Of all the Ph.D. graduates affiliated with CNS this year, only three completed their dissertation defense and other requirements by the end of December, thus allowing them to put 2016 as their graduating year on their CVs. They included:
Meenakshi Sundaram Bhaskaran (M.S., Ph.D. ’12, ’16) also worked in NVSL under his advisor, Steven Swanson. He completed the degree in Computer Engineering in December 2016 with a dissertation on “Micro-Architecture and Systems Support for Emerging Non-Volatile Memories.” In it, Bhaskaran proposed “Non-Blocking Load (NBLD), an instruction set extension to mitigate pipeline stalls from long-latency memory accesses… NBLD triggers the execution of application-specific code once data is resident in the cache, effectively hiding the latency of memory.” Prior to UC San Diego, Bhaskaran was an engineer at SanDisk India in Bangalore, after completing his undergraduate degree at Anna University (also in India).
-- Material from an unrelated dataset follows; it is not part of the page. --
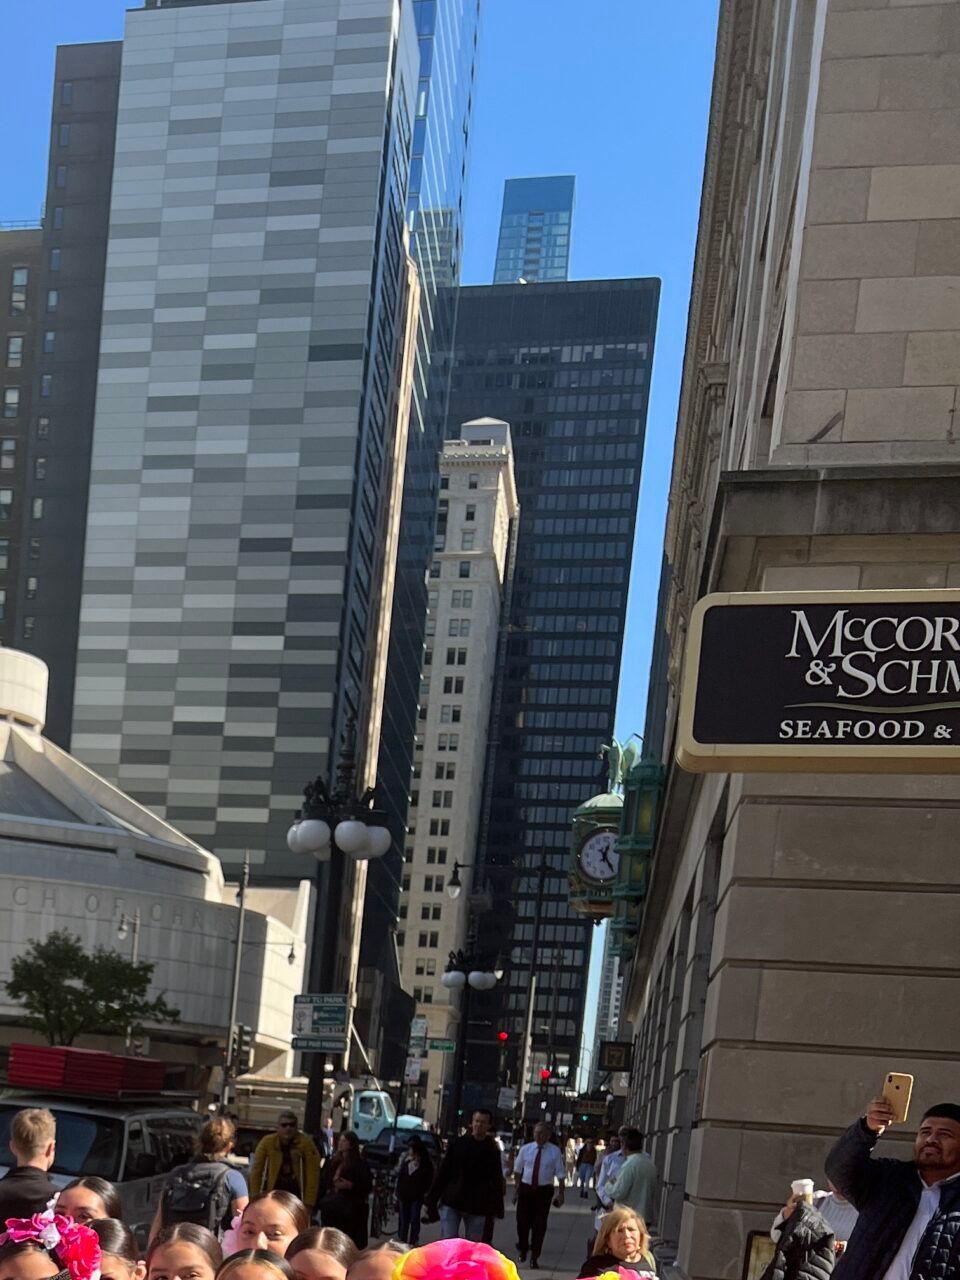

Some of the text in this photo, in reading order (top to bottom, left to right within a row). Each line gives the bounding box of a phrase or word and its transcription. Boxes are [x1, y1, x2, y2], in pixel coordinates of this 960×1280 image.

[805, 659, 836, 686] &
[779, 719, 953, 740] SEAFOOD &
Niki Vazou (Ph.D. ’16) is now a postdoctoral fellow at the University of Maryland in the Programming Language group after completing her Ph.D. last December. Her research continues to focus on designing usable program verifiers that can be integrated into standard software development. Her dissertation under advisor Ranjit Jhala, “Liquid Haskell: Haskell as a Theorem Prover”, drew on expertise in static program verification, type systems, type inference, abstract interpretation, functional programming, Haskell, Liquid Types and more. In it, Vazou presented LiquidHaskell, a usable, static formal verifier for Haskell programs, which she used to verify more than 10,000 lines of real-world Haskell programs. As Vazou noted in her abstract, “LiquidHaskell serves as a prototype verifier in a future where formal techniques will be used to facilitate, instead of hinder, software development.” In 2015 Vazou received the CSE Graduate Award for Research. The previous year, she won a Microsoft Graduate Research Fellowship (after doing two internships at Microsoft Research facilities in Washington State and at Cambridge in Britain). In 2016 Vazou did a summer internship at Awake Networks in Mountain View, CA, where she used LiquidHaskell to verify correctness on Awake’s production code base.
Ming Woo-Kawaguchi (B.S., M.S., Ph.D. ’05, ’08, ‘16) is a postdoctoral research fellow at Harvard University. He completed his Ph.D. in late 2016 after having done most of his work as a graduate student researcher in the Programming Systems group in CSE from 2005 to 2012. From 2014 to 2016 Woo-Kawaguchi was on the technical staff of the Draper Laboratory near Boston before he decided to complete his Ph.D. Under advisor Ranjit Jhala, Woo-Kawaguchi did his dissertation on “High-Level Liquid Types ,” in which he proposed “several augmentations of the Liquid Types method of automatic program verification for uniformly describing high-level specifications and for verifying that source doe is correct with respect to such specifications.” In addition to Jhala, two other CNS members – Sorin Lerner and Geoffrey Voelker – sat on the five-person committee that quizzed Woo-Kawaguchi in his belated but final defense of his dissertation last October.